Attenzione: non intendo assolutamente  dire che non ci sia attenzione storica, ad esempio all’Università di Palermo, ci sono diversi studiosi e storici che stanno affrontando uno studio  proprio su questi anni. Quello che volevo sottolineare è che la storia dei partiti – nello specifico – è forse un po’ meno trattata. Non parlavo di storia in senso generale, ma proprio della storia delle forze politiche, della loro evoluzione e delle dinamiche interne.

Devo dire, però, che recentemente ho notato un cambiamento: qualche esponente, soprattutto dell’ex Democrazia Cristiana, dell’area moderata o anche della destra, ha iniziato a scrivere qualcosa su quegli anni. Si tratta spesso di autobiografie o di racconti personali, pubblicati negli ultimi quattro o cinque anni, in cui ognuno propone la propria visione, il proprio vissuto. Sono senza dubbio contributi importanti, ma si tratta pur sempre di testi scritti da protagonisti politici, non da studiosi esterni o da storici in senso stretto.

La difficoltà nello scrivere su questi temi, secondo me, nasce anche dal fatto che li consideriamo ancora troppo vicini, troppo “vivi”. Li abbiamo vissuti in prima persona, li stiamo ancora vivendo in qualche modo, e quindi tendiamo a darli per scontati. Non pensiamo che un domani, chi verrà dopo di noi, potrebbe non ricordare, non sapere, e non avere gli strumenti per documentarsi correttamente su ciò che è accaduto.

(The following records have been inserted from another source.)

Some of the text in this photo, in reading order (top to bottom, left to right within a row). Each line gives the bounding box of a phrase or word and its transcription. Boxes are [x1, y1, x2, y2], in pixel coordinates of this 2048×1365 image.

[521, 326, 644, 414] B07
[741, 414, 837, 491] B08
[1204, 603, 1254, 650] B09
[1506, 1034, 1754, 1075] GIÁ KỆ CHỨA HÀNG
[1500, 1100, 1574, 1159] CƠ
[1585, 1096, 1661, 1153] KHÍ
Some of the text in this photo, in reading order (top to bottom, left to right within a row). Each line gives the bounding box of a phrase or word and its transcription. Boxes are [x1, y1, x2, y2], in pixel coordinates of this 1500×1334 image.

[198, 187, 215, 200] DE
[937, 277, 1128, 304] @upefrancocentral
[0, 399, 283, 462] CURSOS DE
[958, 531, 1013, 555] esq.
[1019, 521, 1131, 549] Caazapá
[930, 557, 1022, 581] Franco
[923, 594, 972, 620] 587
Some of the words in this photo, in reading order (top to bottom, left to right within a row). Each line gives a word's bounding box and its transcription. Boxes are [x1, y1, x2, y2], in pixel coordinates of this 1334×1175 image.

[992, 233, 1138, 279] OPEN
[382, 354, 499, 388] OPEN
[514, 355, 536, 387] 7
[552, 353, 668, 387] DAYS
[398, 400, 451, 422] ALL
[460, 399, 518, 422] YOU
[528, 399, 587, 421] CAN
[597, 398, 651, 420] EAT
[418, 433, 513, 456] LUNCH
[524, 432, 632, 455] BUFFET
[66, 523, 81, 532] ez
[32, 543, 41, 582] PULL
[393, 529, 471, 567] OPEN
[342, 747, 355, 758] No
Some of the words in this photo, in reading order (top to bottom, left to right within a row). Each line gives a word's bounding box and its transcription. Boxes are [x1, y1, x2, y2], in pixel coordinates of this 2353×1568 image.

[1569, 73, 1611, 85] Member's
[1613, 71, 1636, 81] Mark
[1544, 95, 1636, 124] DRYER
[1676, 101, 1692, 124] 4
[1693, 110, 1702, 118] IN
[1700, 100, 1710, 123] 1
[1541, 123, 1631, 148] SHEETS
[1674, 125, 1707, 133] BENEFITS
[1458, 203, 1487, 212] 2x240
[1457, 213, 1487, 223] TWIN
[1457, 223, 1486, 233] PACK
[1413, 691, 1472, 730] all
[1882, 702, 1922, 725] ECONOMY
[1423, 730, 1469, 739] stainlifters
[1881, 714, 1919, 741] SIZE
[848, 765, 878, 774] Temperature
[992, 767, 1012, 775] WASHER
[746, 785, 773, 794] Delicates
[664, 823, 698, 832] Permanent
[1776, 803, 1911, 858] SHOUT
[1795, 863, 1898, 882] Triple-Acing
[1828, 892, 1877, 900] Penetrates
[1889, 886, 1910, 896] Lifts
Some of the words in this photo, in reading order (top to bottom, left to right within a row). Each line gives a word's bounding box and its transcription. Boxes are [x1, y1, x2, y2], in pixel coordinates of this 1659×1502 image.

In questo senso, le fonti giornalistiche sono fondamentali: aiutano a ricostruire giorno per giorno gli avvenimenti. Ma oggi, purtroppo, scrivere – e fare storia – è diventato ancora più difficile. Nessuno vuole più prendersi il tempo per scrivere davvero, in modo approfondito, anche perché con i social e internet è cambiato tutto. È complicato produrre testi accurati, precisi, articolati: ormai domina la brevità. E già prima i quotidiani cartacei in Italia venivano letti poco, ma oggi siamo quasi a zero. Le edicole chiudono, le testate spariscono.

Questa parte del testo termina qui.